Dancing through the decades
Third Ave. Dance sprints through 100 years of dance

Break-dancer Joey Nakama tumbles into the Hip Hop finale of "Dancing Through the Decades: A journey through the history of American dance in the 20th century," which shows on Saturday afternoon at the Smiley Theater./Photo by Todd Newcomer

by Judith Reynolds

When break-dancer Joey Nakama dives to the floor, spins on his head and fleetingly tosses in gymnastic moves, you know you’re seeing the real thing. In a flash, Nakama lifts his body barely off the floor with two strong hands and swirls his legs high. It’s the Thomas Flair. That brief glimpse of Olympian Kurt Thomas’ spellbinding gymnastic flourish appears and vanishes. It’s but one example of creative quotation in an entertaining and highly polished program put on by Durango’s resident dance ensemble.

Nakama is part of the Third Avenue Dance Co.’s spring show, a swift, energetic and colorful look at dance styles over the last century. The one-hour program goes by as quickly as Nakama’s sparkling solo. There’s only one performance this spring, a 2 p.m. matinee this Sat., April 15, at the Smiley Theater.

-“Decades” is a program designed as family entertainment. Narrator Maureen May knits the collage together with breezy tidbits linking history to cultural shifts and dance styles.

An opening tableau sets a tongue-in-cheek tone for the whole show. Stylized, mock serious dancers frame café tables where flirtation turns on a glance, a pout and the requisite red rose.
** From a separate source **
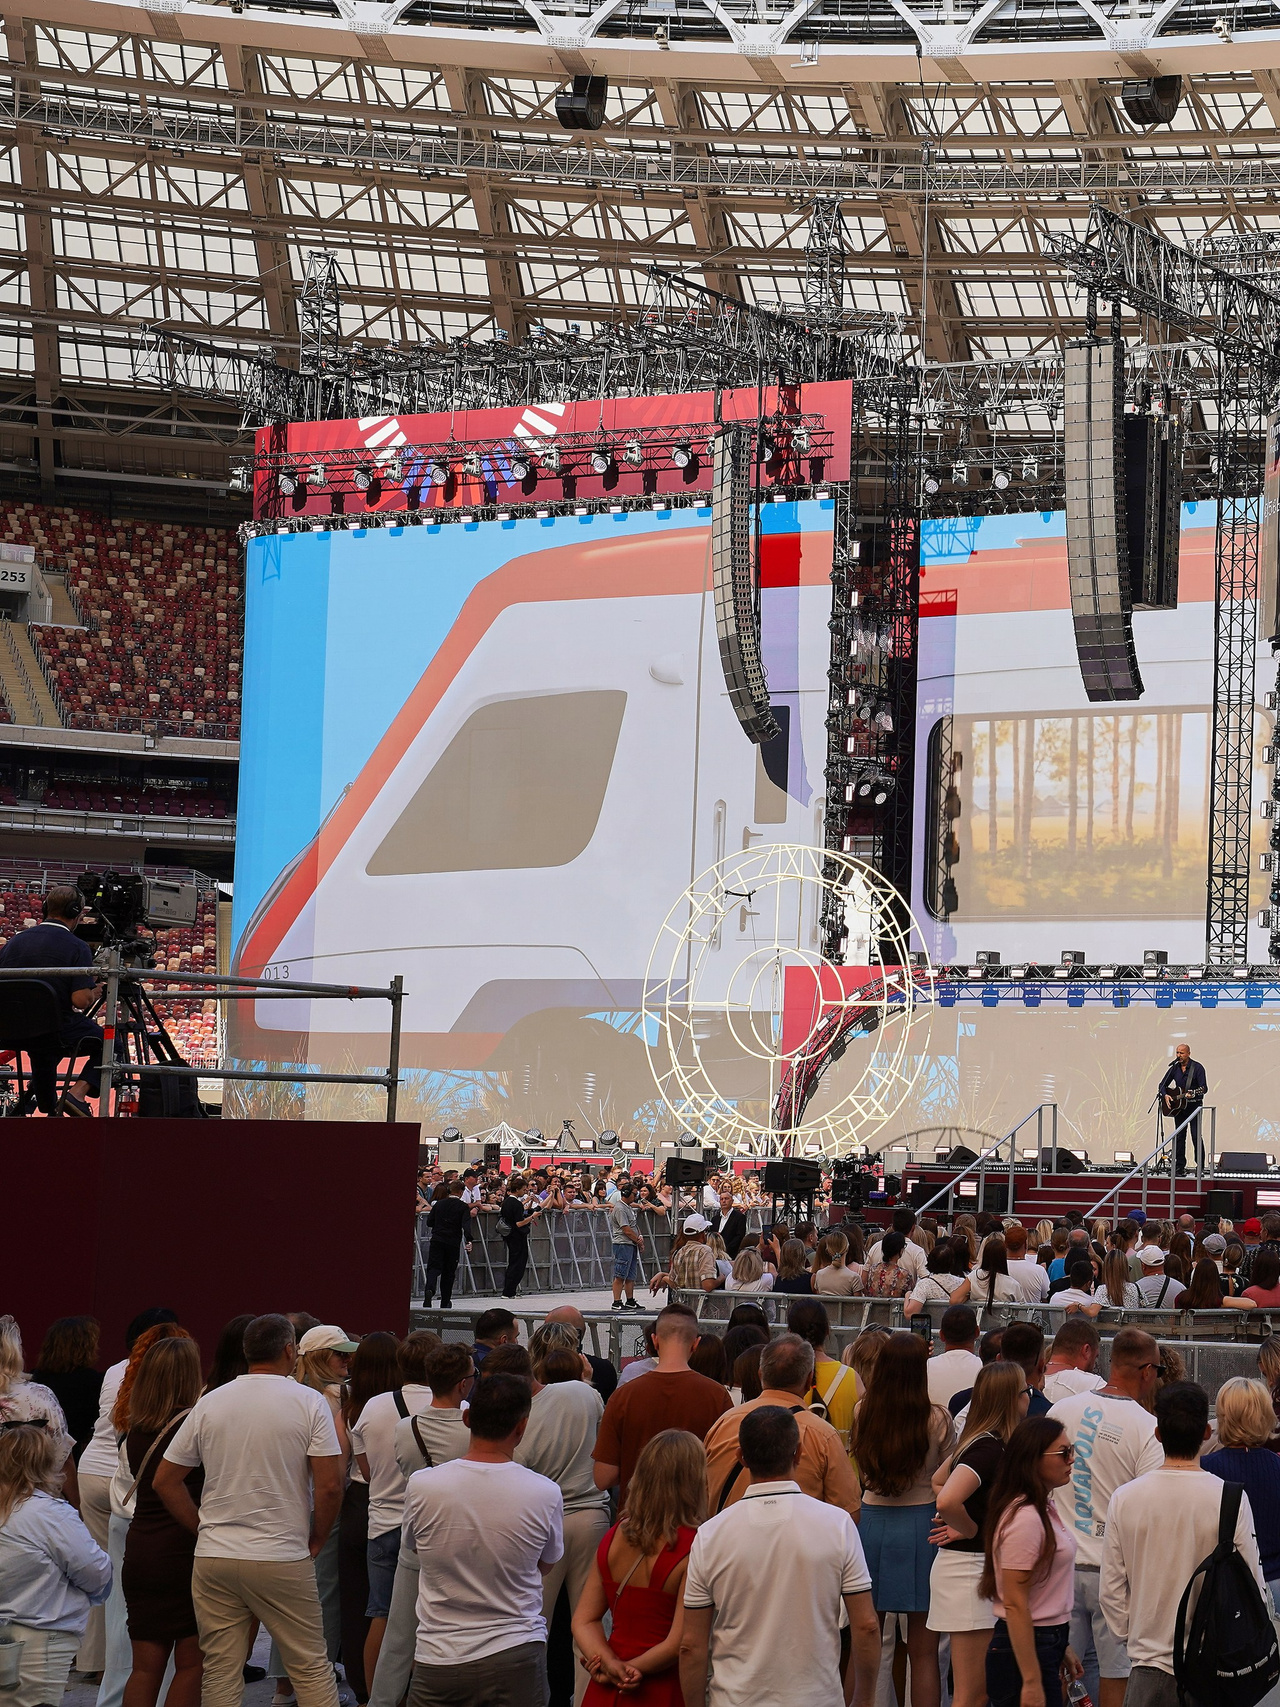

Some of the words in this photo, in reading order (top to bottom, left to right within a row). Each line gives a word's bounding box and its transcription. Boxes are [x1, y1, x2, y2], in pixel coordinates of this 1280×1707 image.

Suzi DiSanto dances into and out of the arms of Brian Halloway’s behatted and becloaked Rudolf Valentino. It’s a short, teasing send up of the tango.

Grandparents and kids alike will love the jazzy remembrance of the 1920s with a fringed, high-energy rendition of the Charleston. For the 1930s, DiSanto floats out in a white chiffon dress and platinum wig to dance with Dimitri Grimberg in (what else?) a white tux. To trumpeter Harry James’ “Stardust,” they create a little Hollywood frisson from all those musicals featuring Astaire and Rogers. In sharp contrast, Lisa Bodwalk and company snap a military salute from the wings and tap dance into the 1940s. The Andrews Sisters’ “Boogie Woogie Bugle Boy,” also finds Sadie Carhart and Dimitri Grimberg doing the jitterbug.

Suddenly the modern era intrudes with Halloway as Elvis and some Rock and Roll screaming and swooning. An audience-friendly session of hand jive morphs into the centerpiece of the show, the Frug from the ’60s. Bodwalk takes a solo role in an adaptation of a campy, Bob Fosse piece. Adorned in little black dresses and white wigs, the women slouch and shrug, the men remain cool and casual. It’s a witty take on the days of Get Smart, the mini dress and early James Bond.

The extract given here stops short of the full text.